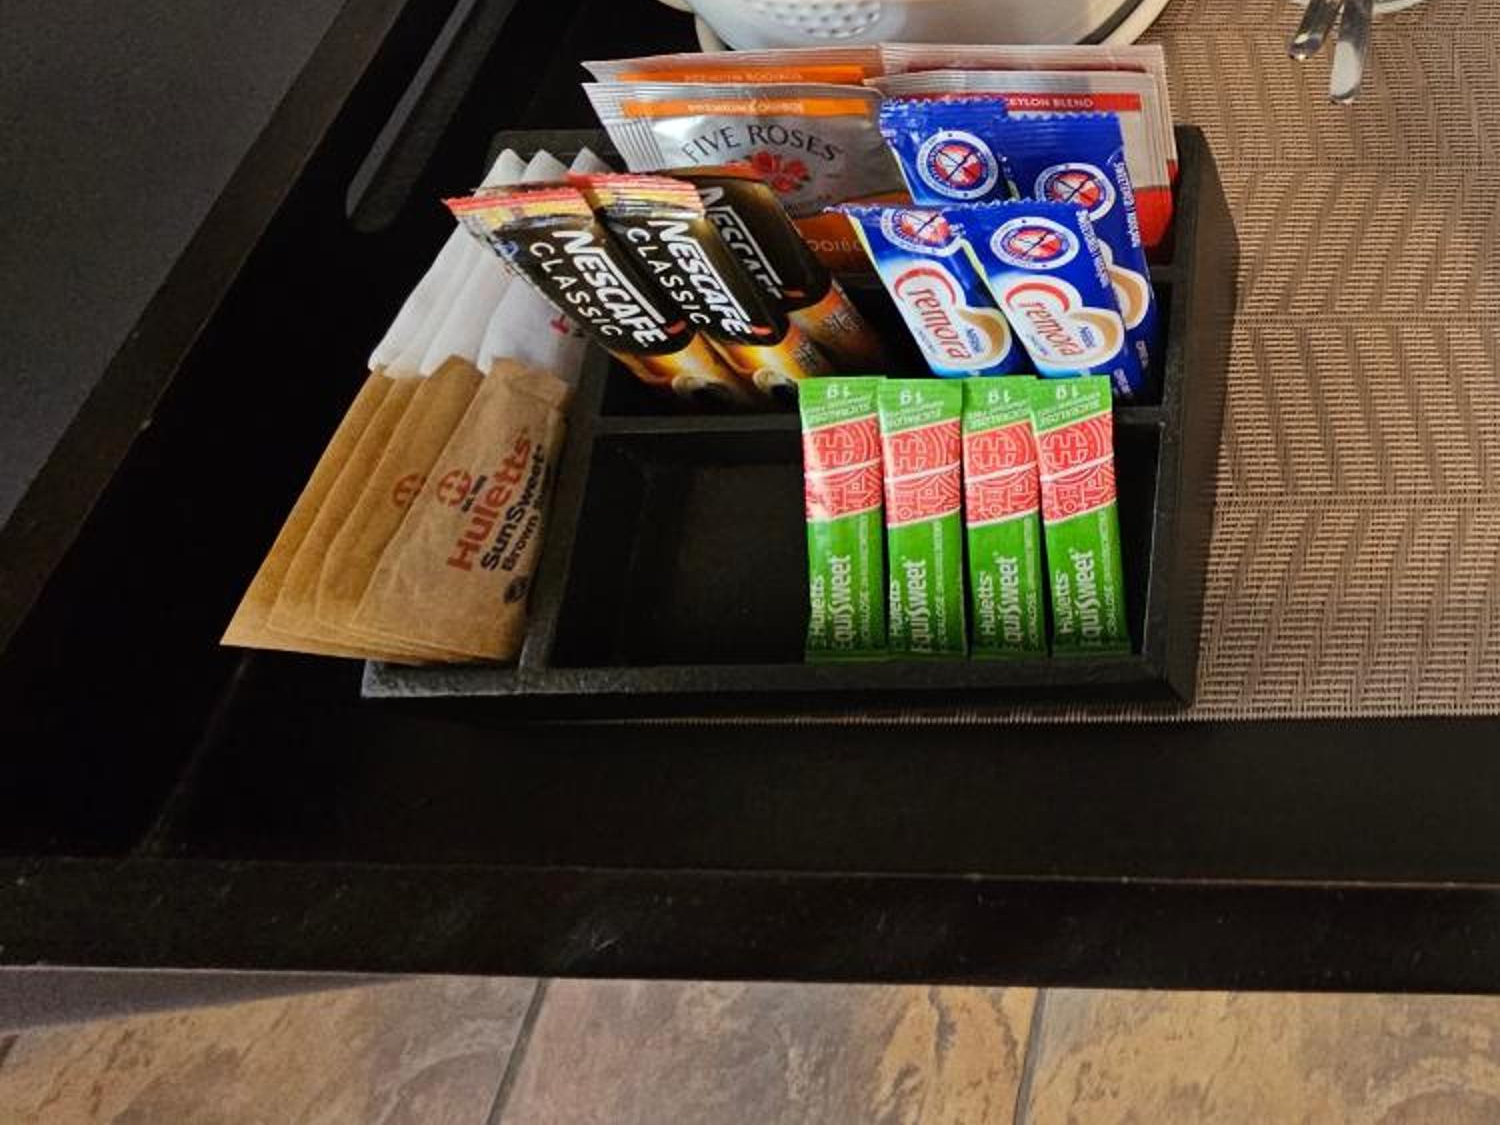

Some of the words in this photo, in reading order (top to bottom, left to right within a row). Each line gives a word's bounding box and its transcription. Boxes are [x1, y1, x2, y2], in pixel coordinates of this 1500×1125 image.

[1052, 97, 1094, 109] BLEND
[681, 125, 741, 164] FIVE
[750, 125, 838, 162] ROSES
[529, 241, 623, 336] CLASSIC
[626, 227, 711, 325] CLASSIC
[446, 434, 531, 571] Huletts
[480, 447, 545, 572] SunSweet
[977, 575, 996, 636] Huletts
[1055, 572, 1074, 636] Huletts
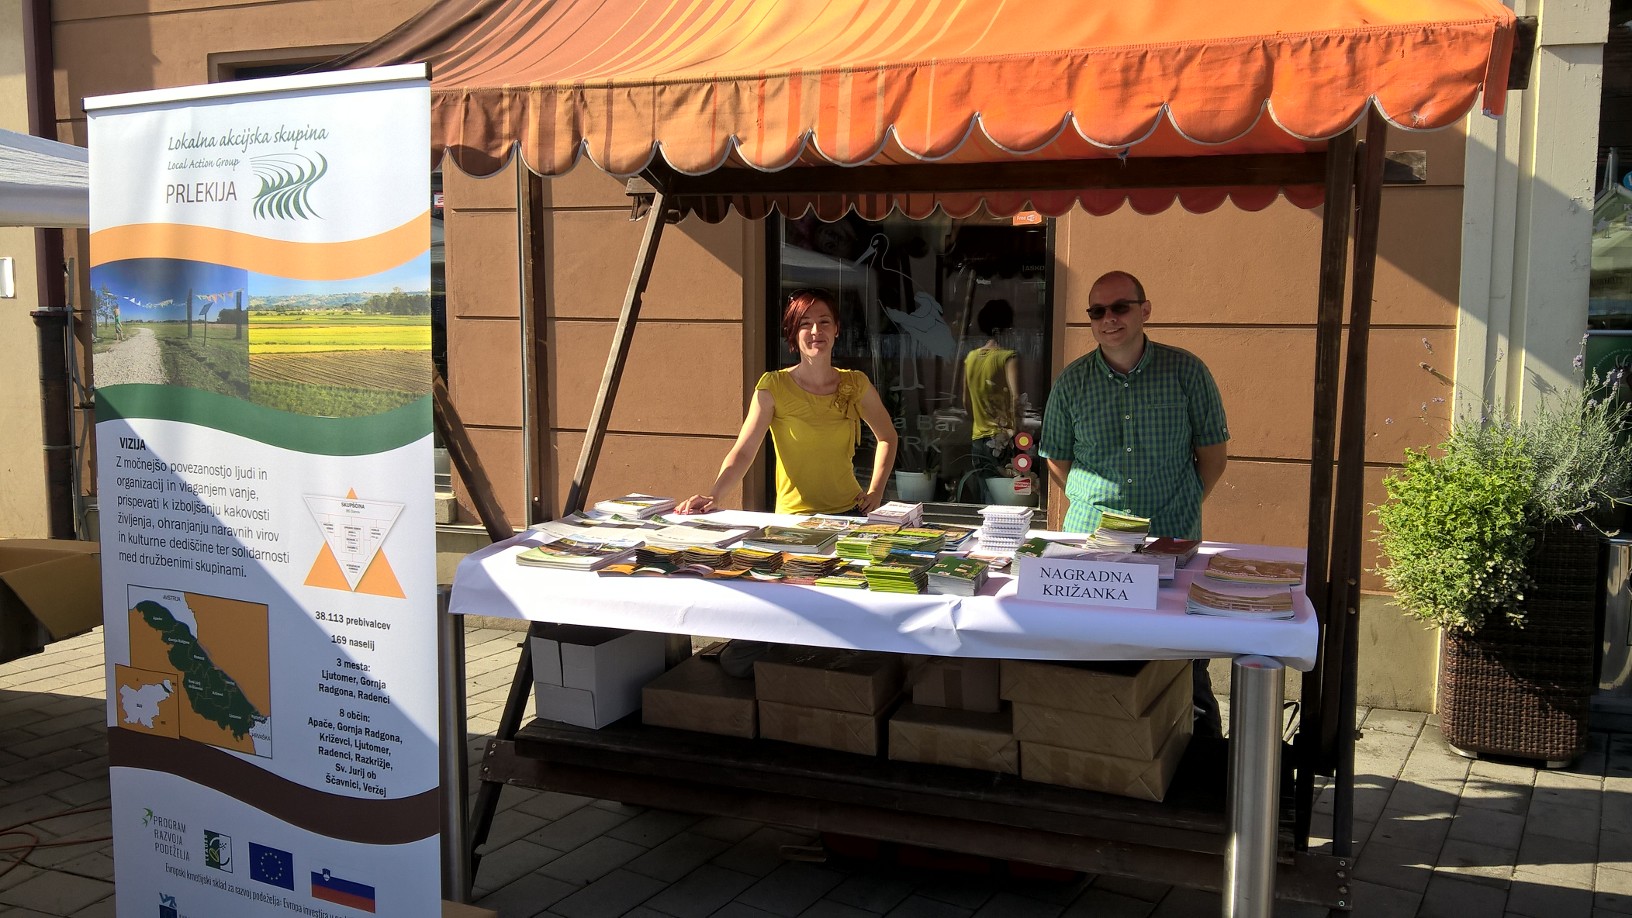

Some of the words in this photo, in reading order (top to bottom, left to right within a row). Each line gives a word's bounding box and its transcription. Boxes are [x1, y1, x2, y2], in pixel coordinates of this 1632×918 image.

[168, 131, 218, 150] Lokalna
[219, 126, 272, 153] akcijska
[273, 124, 329, 150] skupina
[168, 158, 187, 170] Local
[189, 158, 214, 169] Action
[215, 158, 240, 171] Group
[166, 181, 237, 203] PRLEKIJA
[917, 415, 956, 431] Bar
[120, 437, 146, 450] VIZIJA
[116, 456, 122, 468] Z
[124, 457, 167, 473] močnejšo
[170, 462, 232, 479] povezanostjo
[235, 465, 256, 481] ljudi
[258, 468, 267, 480] in
[116, 476, 164, 493] organizacij
[167, 479, 176, 492] in
[179, 481, 227, 497] vlaganjem
[229, 487, 259, 501] vanje,
[117, 495, 159, 509] prispevati
[163, 499, 169, 509] k
[172, 500, 221, 516] izboljšanju
[224, 505, 270, 521] kakovosti
[118, 512, 155, 529] življenja,
[157, 518, 209, 535] ohranjanju
[211, 524, 253, 539] naravnih
[256, 529, 279, 542] virov
[119, 531, 126, 543] in
[128, 533, 166, 548] kulturne
[169, 536, 213, 553] dediščine
[217, 543, 229, 555] ter
[232, 545, 290, 563] solidarnosti
[119, 551, 137, 562] med
[140, 553, 193, 570] družbenimi
[195, 559, 247, 577] skupinami.
[1040, 566, 1134, 584] NAGRADNA
[1042, 584, 1128, 600] KRIŽANKA
[315, 611, 344, 623] 38.113
[346, 617, 391, 630] prebivalcev
[331, 634, 347, 645] 169
[349, 638, 375, 651] naselij
[337, 658, 342, 667] 3
[344, 660, 370, 672] mesta:
[322, 670, 359, 686] Ljutomer,
[360, 676, 386, 690] Gornja
[319, 683, 356, 699] Radgona,
[358, 690, 390, 704] Radenci
[339, 709, 344, 717] 8
[346, 709, 370, 722] občin:
[308, 716, 335, 730] Apače,
[337, 722, 363, 735] Gornja
[364, 727, 403, 744] Radgona,
[319, 732, 353, 748] Križevci,
[354, 739, 391, 756] Ljutomer,
[318, 746, 353, 762] Radenci,
[355, 754, 393, 771] Razkrižje,
[335, 763, 347, 773] Sv.
[348, 765, 365, 779] Jurij
[367, 770, 376, 780] ob
[325, 773, 362, 791] Ščavnici,
[363, 782, 386, 797] Veržej
[153, 816, 186, 833] PROGRAM
[154, 829, 183, 846] RAZVOJA
[155, 842, 190, 862] PODEŽELJA
[228, 884, 234, 892] za

+ + + + + + +

- _To do_: If a picture appears among the entries, omit it and reproduce everything else exactly.

- _Response to this task_:
Some of the words in this photo, in reading order (top to bottom, left to right within a row). Each line gives a word's bounding box and its transcription. Boxes are [x1, y1, x2, y2], in pixel coordinates of this 1500×1125 image.

[1052, 97, 1094, 109] BLEND
[681, 125, 741, 164] FIVE
[750, 125, 838, 162] ROSES
[529, 241, 623, 336] CLASSIC
[626, 227, 711, 325] CLASSIC
[446, 434, 531, 571] Huletts
[480, 447, 545, 572] SunSweet
[977, 575, 996, 636] Huletts
[1055, 572, 1074, 636] Huletts

Some of the words in this photo, in reading order (top to bottom, left to right within a row). Each line gives a word's bounding box and its transcription. Boxes are [x1, y1, x2, y2], in pixel coordinates of this 1632×918 image.

[168, 131, 218, 150] Lokalna
[219, 126, 272, 153] akcijska
[273, 124, 329, 150] skupina
[168, 158, 187, 170] Local
[189, 158, 214, 169] Action
[215, 158, 240, 171] Group
[166, 181, 237, 203] PRLEKIJA
[917, 415, 956, 431] Bar
[120, 437, 146, 450] VIZIJA
[116, 456, 122, 468] Z
[124, 457, 167, 473] močnejšo
[170, 462, 232, 479] povezanostjo
[235, 465, 256, 481] ljudi
[258, 468, 267, 480] in
[116, 476, 164, 493] organizacij
[167, 479, 176, 492] in
[179, 481, 227, 497] vlaganjem
[229, 487, 259, 501] vanje,
[117, 495, 159, 509] prispevati
[163, 499, 169, 509] k
[172, 500, 221, 516] izboljšanju
[224, 505, 270, 521] kakovosti
[118, 512, 155, 529] življenja,
[157, 518, 209, 535] ohranjanju
[211, 524, 253, 539] naravnih
[256, 529, 279, 542] virov
[119, 531, 126, 543] in
[128, 533, 166, 548] kulturne
[169, 536, 213, 553] dediščine
[217, 543, 229, 555] ter
[232, 545, 290, 563] solidarnosti
[119, 551, 137, 562] med
[140, 553, 193, 570] družbenimi
[195, 559, 247, 577] skupinami.
[1040, 566, 1134, 584] NAGRADNA
[1042, 584, 1128, 600] KRIŽANKA
[315, 611, 344, 623] 38.113
[346, 617, 391, 630] prebivalcev
[331, 634, 347, 645] 169
[349, 638, 375, 651] naselij
[337, 658, 342, 667] 3
[344, 660, 370, 672] mesta:
[322, 670, 359, 686] Ljutomer,
[360, 676, 386, 690] Gornja
[319, 683, 356, 699] Radgona,
[358, 690, 390, 704] Radenci
[339, 709, 344, 717] 8
[346, 709, 370, 722] občin:
[308, 716, 335, 730] Apače,
[337, 722, 363, 735] Gornja
[364, 727, 403, 744] Radgona,
[319, 732, 353, 748] Križevci,
[354, 739, 391, 756] Ljutomer,
[318, 746, 353, 762] Radenci,
[355, 754, 393, 771] Razkrižje,
[335, 763, 347, 773] Sv.
[348, 765, 365, 779] Jurij
[367, 770, 376, 780] ob
[325, 773, 362, 791] Ščavnici,
[363, 782, 386, 797] Veržej
[153, 816, 186, 833] PROGRAM
[154, 829, 183, 846] RAZVOJA
[155, 842, 190, 862] PODEŽELJA
[228, 884, 234, 892] za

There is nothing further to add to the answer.